Department of Epidemiology, Mailman School of Public Health, Columbia University, New York, NY, United States.
Front Neurol. 2018 Jan 26;9:27. doi: 10.3389/fneur.2018.00027. eCollection 2018.
Essential tremor (ET) is among the most common neurological diseases and it often runs in families. How knowledgeable ET patients and their families are about their disease has been the subject of surprisingly little scholarship.
To fill this gap in knowledge, we administered a comprehensive 32-item survey (i.e., questions about etiology, pathophysiology, symptoms and signs, natural history, and treatments) to 427 participants, including 76 ET probands, 74 affected relatives (AFRs), 238 unaffected relatives, and 39 spouses of unaffected relatives, all of whom were participating in two ET family studies. We hypothesized that there would be gaps in knowledge about ET and furthermore, that probands and AFRs would be the most knowledgeable, followed by unaffected relatives and then spouses of unaffected relatives, who would be the least knowledgeable.
Overall, ET patients lacked knowledge about their disease.
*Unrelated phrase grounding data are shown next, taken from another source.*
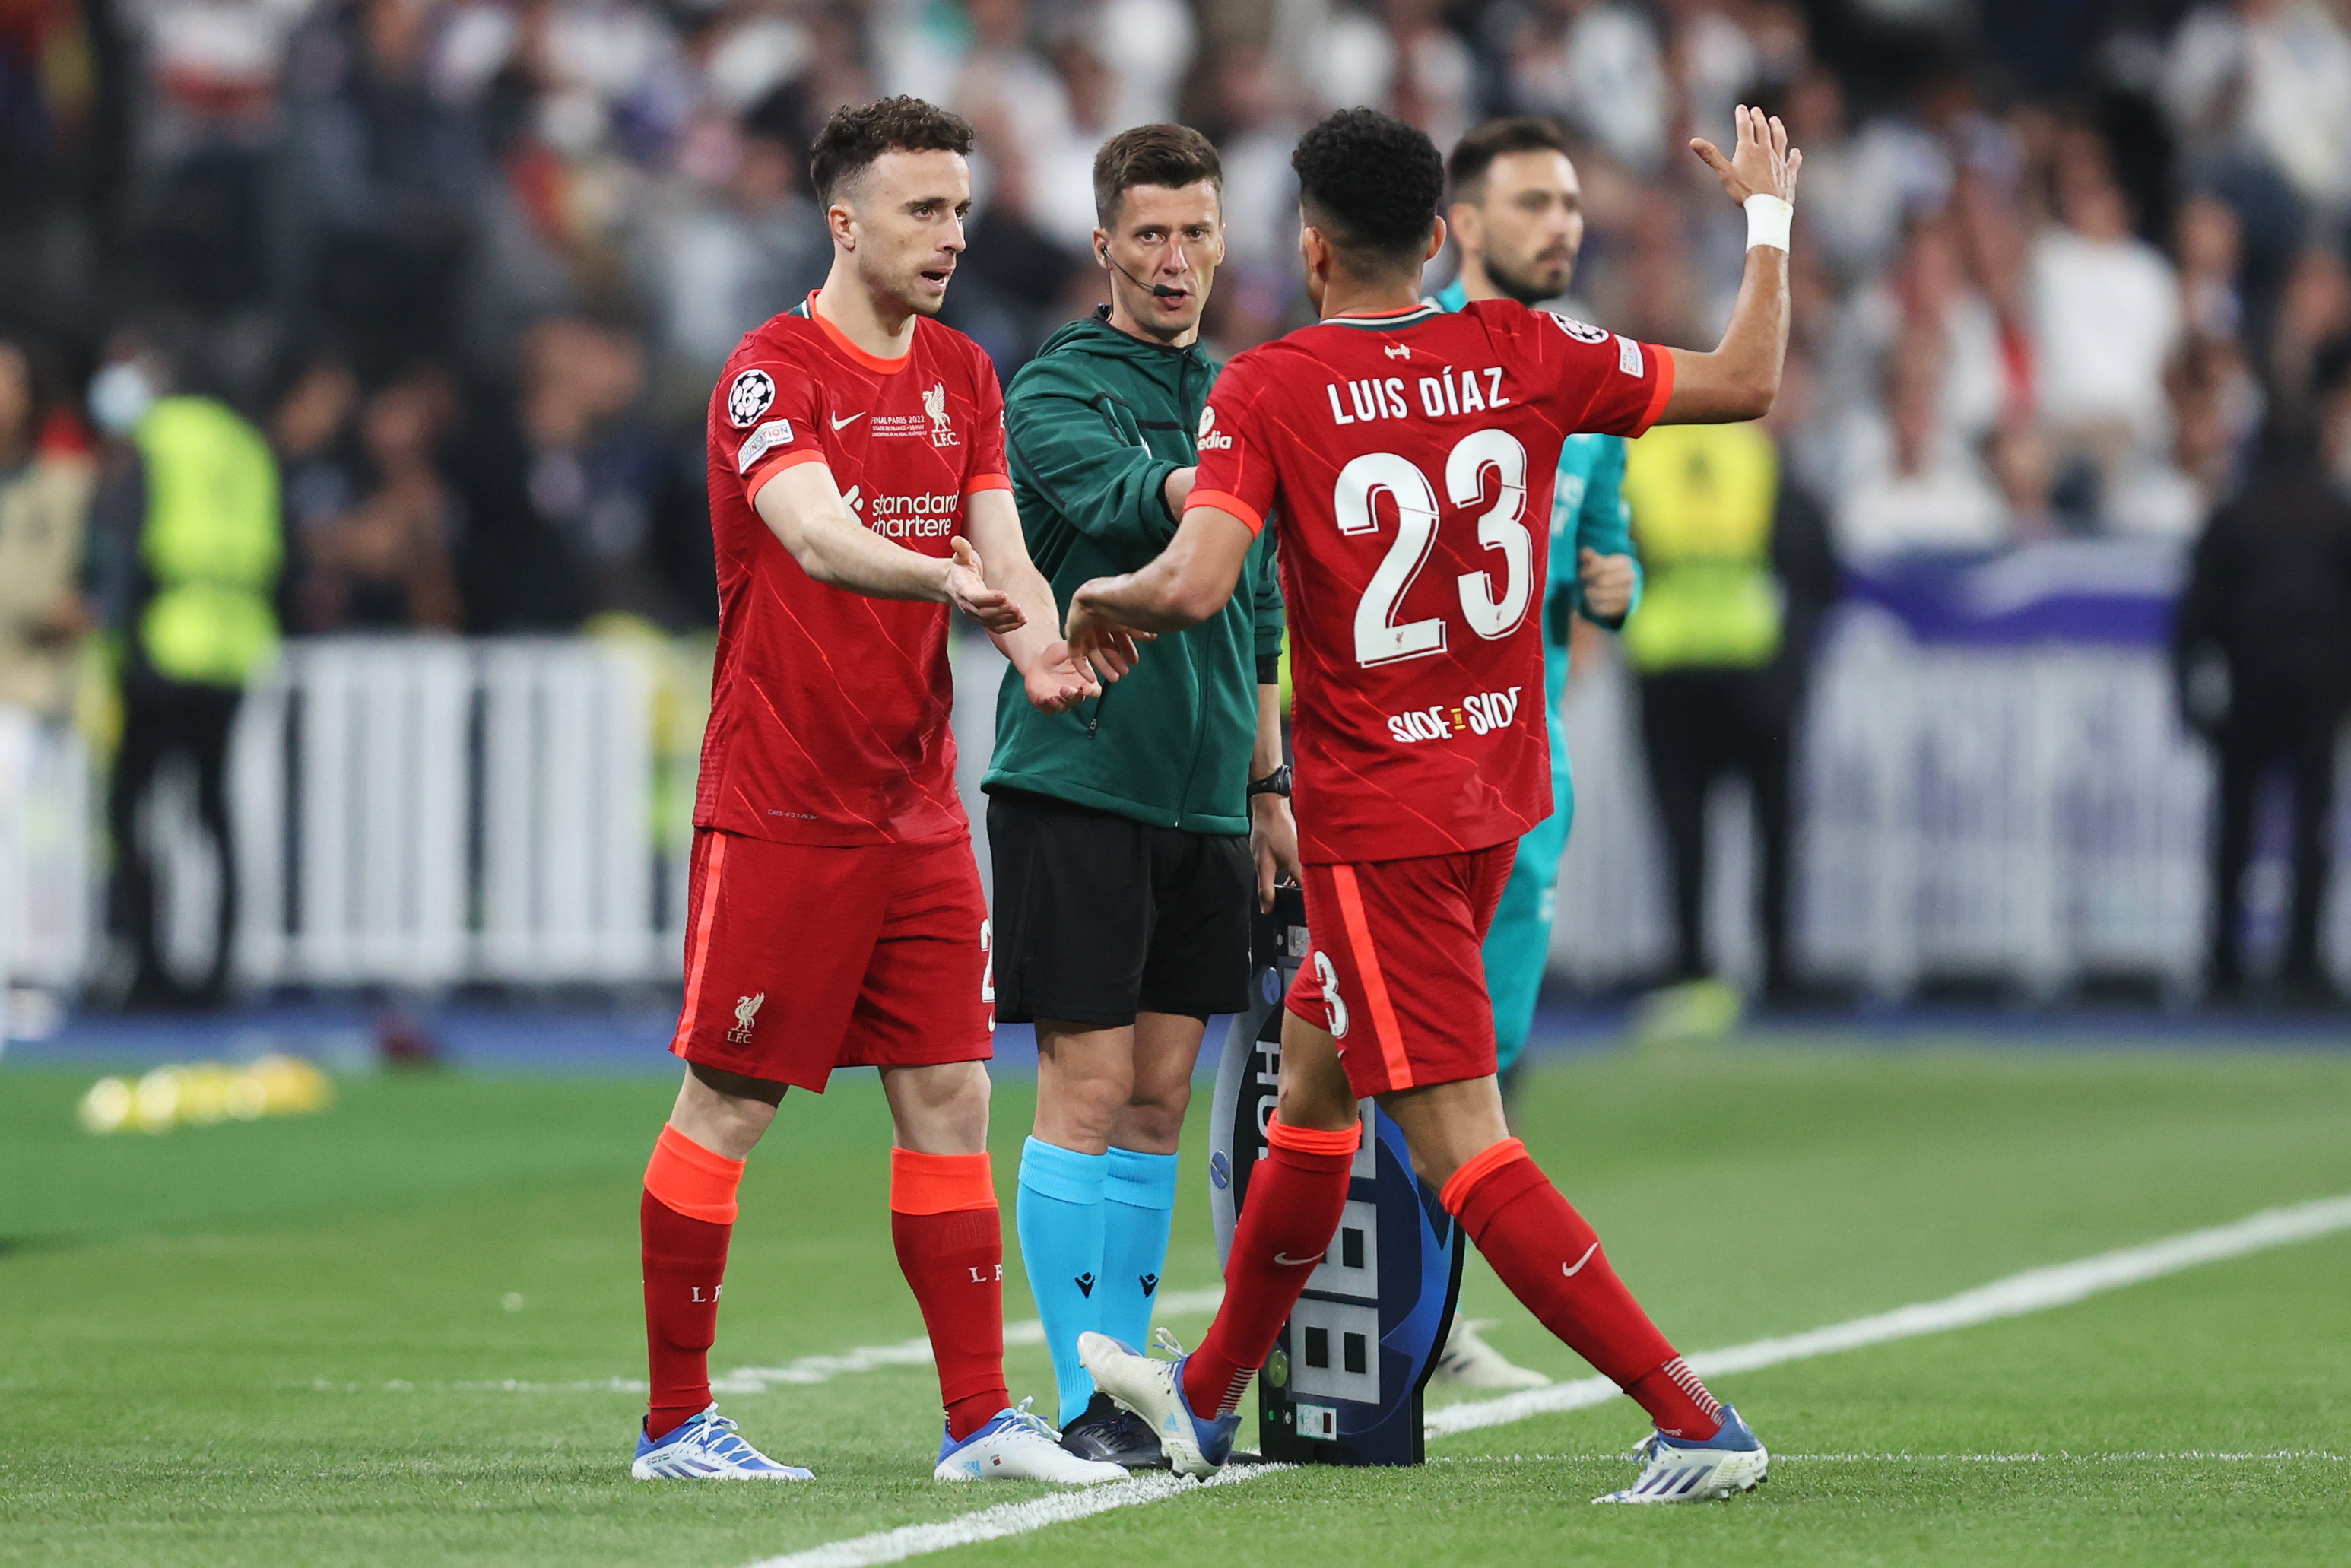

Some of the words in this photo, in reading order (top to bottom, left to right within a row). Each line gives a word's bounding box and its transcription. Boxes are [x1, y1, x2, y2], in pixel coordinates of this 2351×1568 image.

[1327, 377, 1408, 425] LUIS
[1418, 365, 1511, 417] DÍAZ
[871, 416, 888, 424] FINAL
[909, 414, 925, 424] 2022
[1197, 430, 1233, 451] edia
[872, 490, 959, 516] standard
[871, 515, 951, 537] chartere
[1334, 428, 1534, 668] 23
[1387, 705, 1453, 743] SIDE
[980, 919, 995, 1003] 2
[1314, 951, 1349, 1039] 3
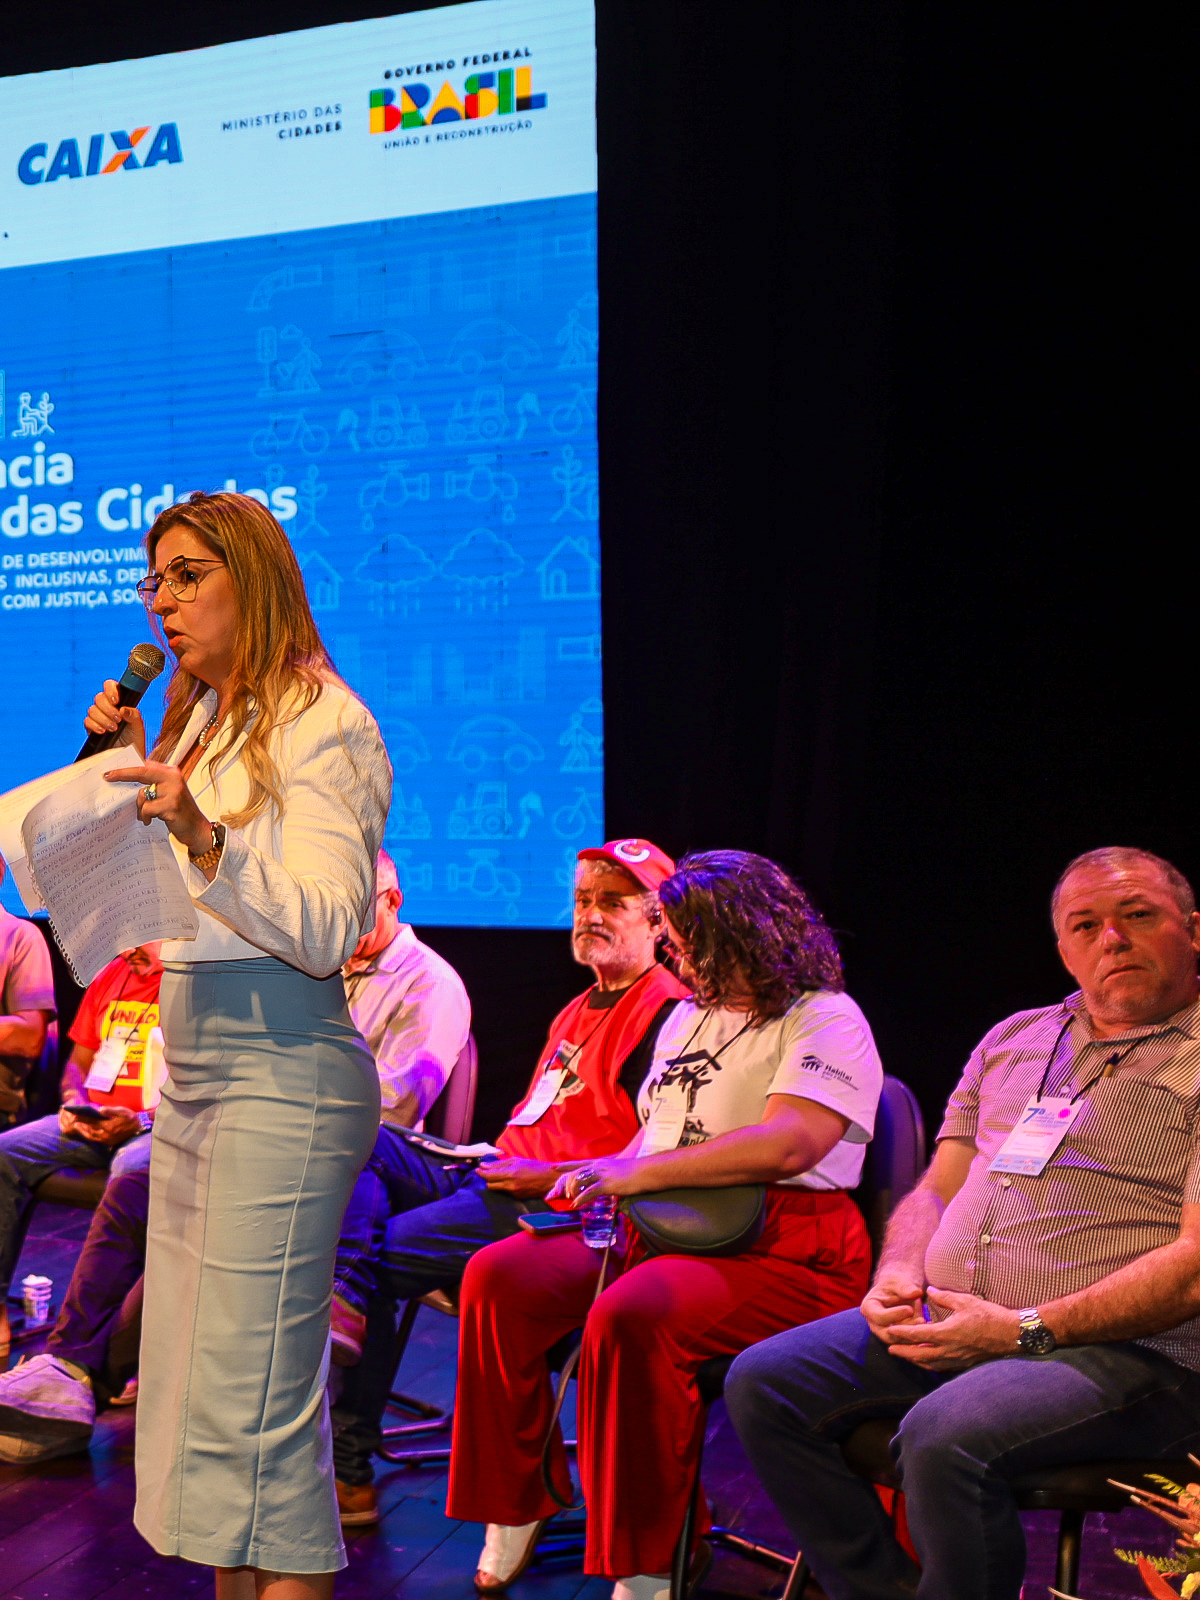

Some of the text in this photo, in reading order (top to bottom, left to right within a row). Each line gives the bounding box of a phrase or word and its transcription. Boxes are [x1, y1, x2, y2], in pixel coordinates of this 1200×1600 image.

[384, 47, 533, 79] GOVERNO FEDERAL
[369, 65, 547, 135] BRASIL
[314, 103, 342, 117] DAS
[278, 120, 343, 139] CIDADES
[384, 136, 420, 149] UNIÃO
[17, 122, 183, 186] CAIXA
[0, 494, 85, 538] das
[3, 554, 24, 569] DE
[15, 569, 112, 588] INCLUSIVAS,
[3, 594, 40, 610] COM
[44, 591, 108, 609] JUSTIÇA
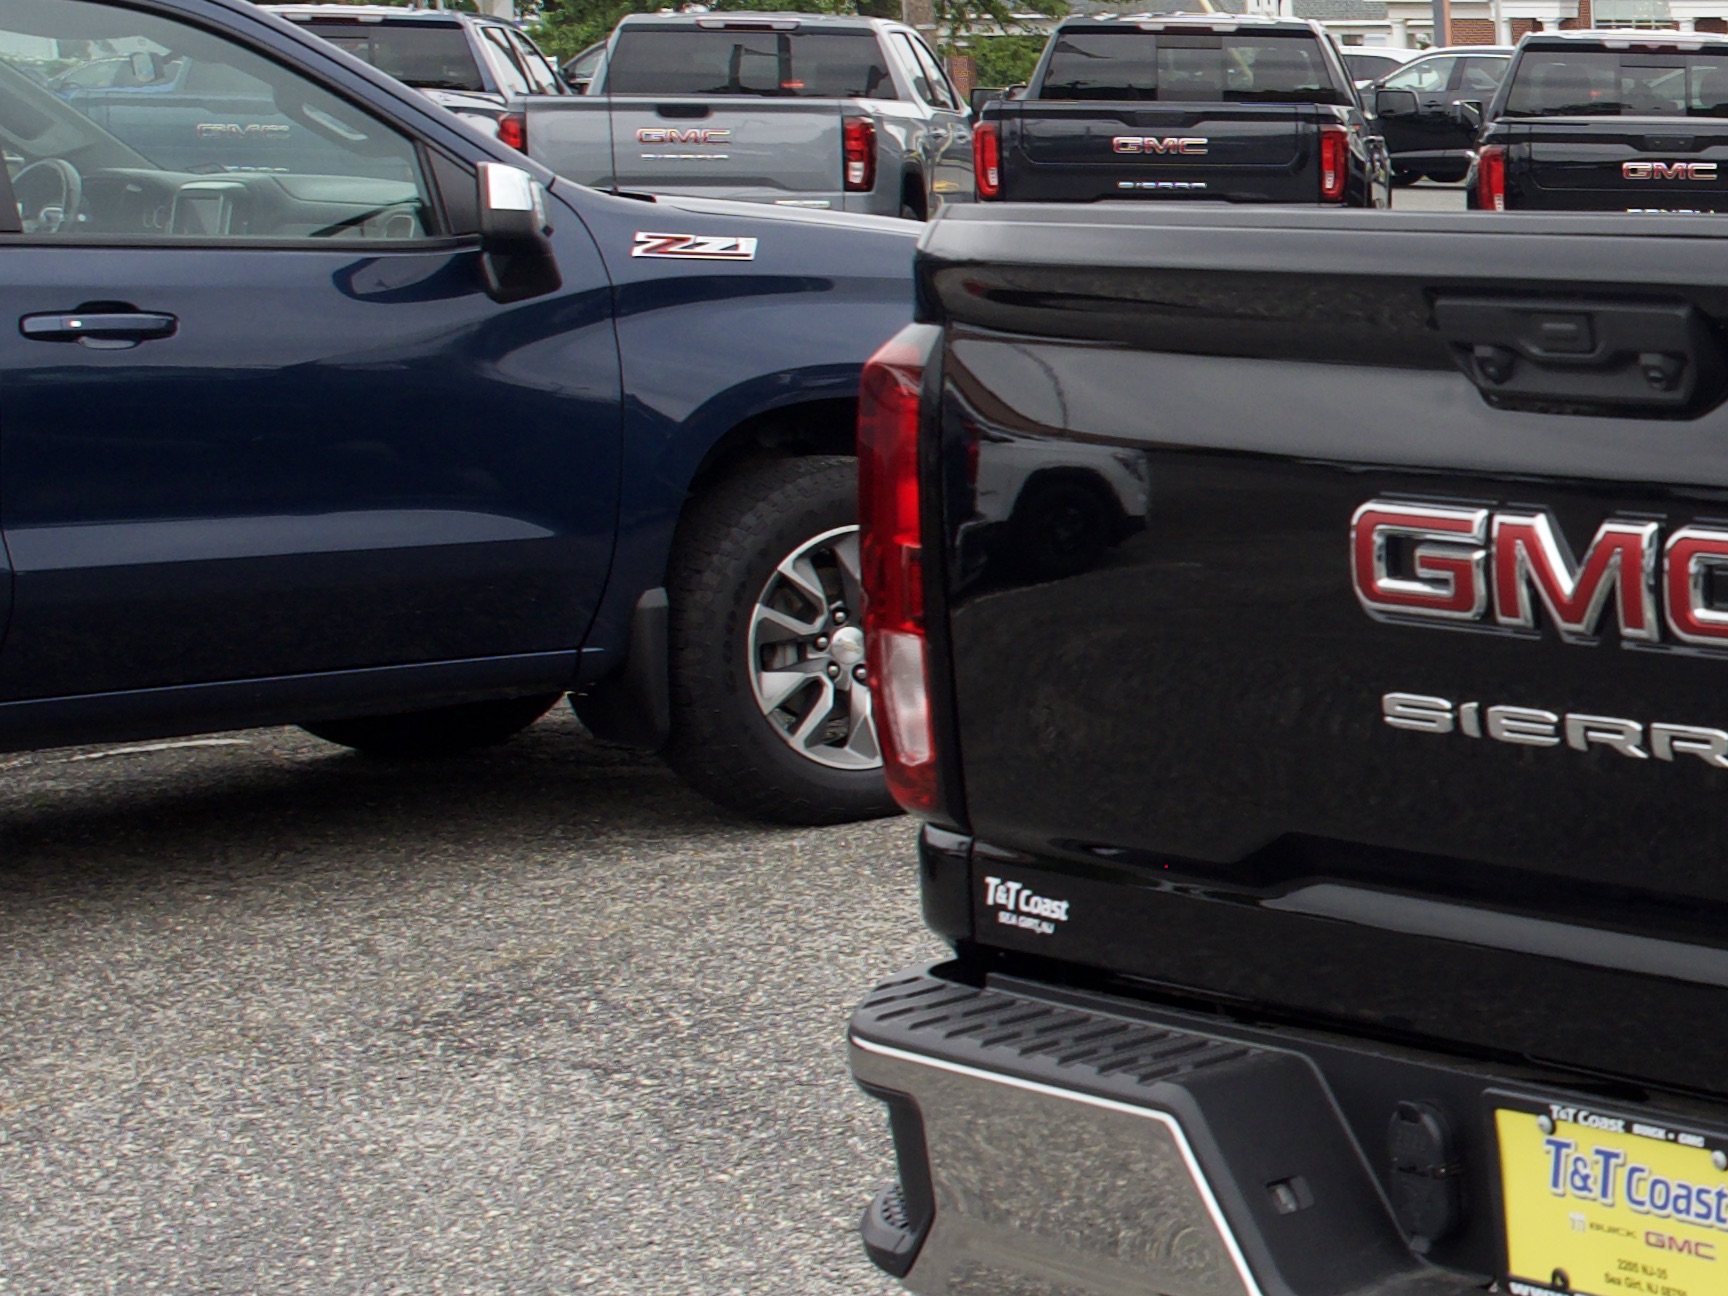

Nearly one-third of probands answered "yes" or "do not know" to the question, "is ET the same or different from the type of tremor that many normal people can get when they become old and frail?" A similar proportion did not know whether children could get ET or they responded "no." Nearly one-fourth of affecteds (i.e., probands and AFRs) did not know whether or to what degree (e.g., very well, moderately well, not well) the symptoms of ET could be medically controlled, and 38.0% either reported that there was no brain surgery for ET or reported that they did not know. Nearly 17% of affecteds did not endorse genes as a cause for ET, which was surprising given the fact that this was a family study of ET. Probands and AFRs were the most knowledgeable, followed by unaffected relatives. Spouses of unaffected relatives were the least knowledgeable.
We targeted a large group of ET patients and their families, as this group is perhaps most likely to be informed about the disease. ET patients and their AFRs were more knowledgeable about the features of ET than their family members without ET. Overall, however, knowledge of ET was very limited and this lack of knowledge encompassed all aspects of the disease including its underlying causes, the nature of the symptoms and signs, its natural history and its treatment. Further ET awareness education and programs targeting both families of ET patients and the public would help alleviate this gap in knowledge.
特发性震颤(ET)是最常见的神经系统疾病之一,且常常具有家族遗传性。令人惊讶的是,关于ET患者及其家属对该疾病的了解程度,相关学术研究极少。
为填补这一知识空白,我们对427名参与者进行了一项包含32个项目的全面调查(即关于病因、病理生理学、症状体征、自然病史和治疗方法的问题),这些参与者包括76名ET先证者、74名患病亲属(AFR)、238名未患病亲属以及39名未患病亲属的配偶,他们均参与了两项ET家族研究。我们假设,关于ET的知识存在差距,此外,先证者和AFR的知识最为丰富,其次是未患病亲属,而未患病亲属的配偶知识最匮乏。
总体而言,ET患者对自身疾病缺乏了解。近三分之一的先证者对“ET与许多正常人年老体弱时出现的震颤类型相同还是不同?”这个问题回答“是”或“不知道”。类似比例的人不知道儿童是否会患ET,或者回答“不会”。近四分之一的患病者(即先证者和AFR)不知道ET症状在医学上能否得到控制以及控制程度如何(例如,很好、一般、不好),38.0%的人要么表示ET没有脑部手术,要么表示不知道。近17%的患病者不认为基因是ET的病因,鉴于这是一项ET家族研究,这一结果令人惊讶。先证者和AFR知识最丰富,其次是未患病亲属。未患病亲属的配偶知识最匮乏。
我们针对的是一大群ET患者及其家属,因为这个群体可能最有可能了解该疾病。ET患者及其AFR比没有患ET的家庭成员对ET的特征了解更多。然而,总体而言,对ET的了解非常有限,这种知识匮乏涵盖了该疾病的各个方面,包括其潜在病因、症状体征的性质、自然病史和治疗方法。针对ET患者家属和公众开展进一步的ET认知教育及相关项目,将有助于缩小这一知识差距。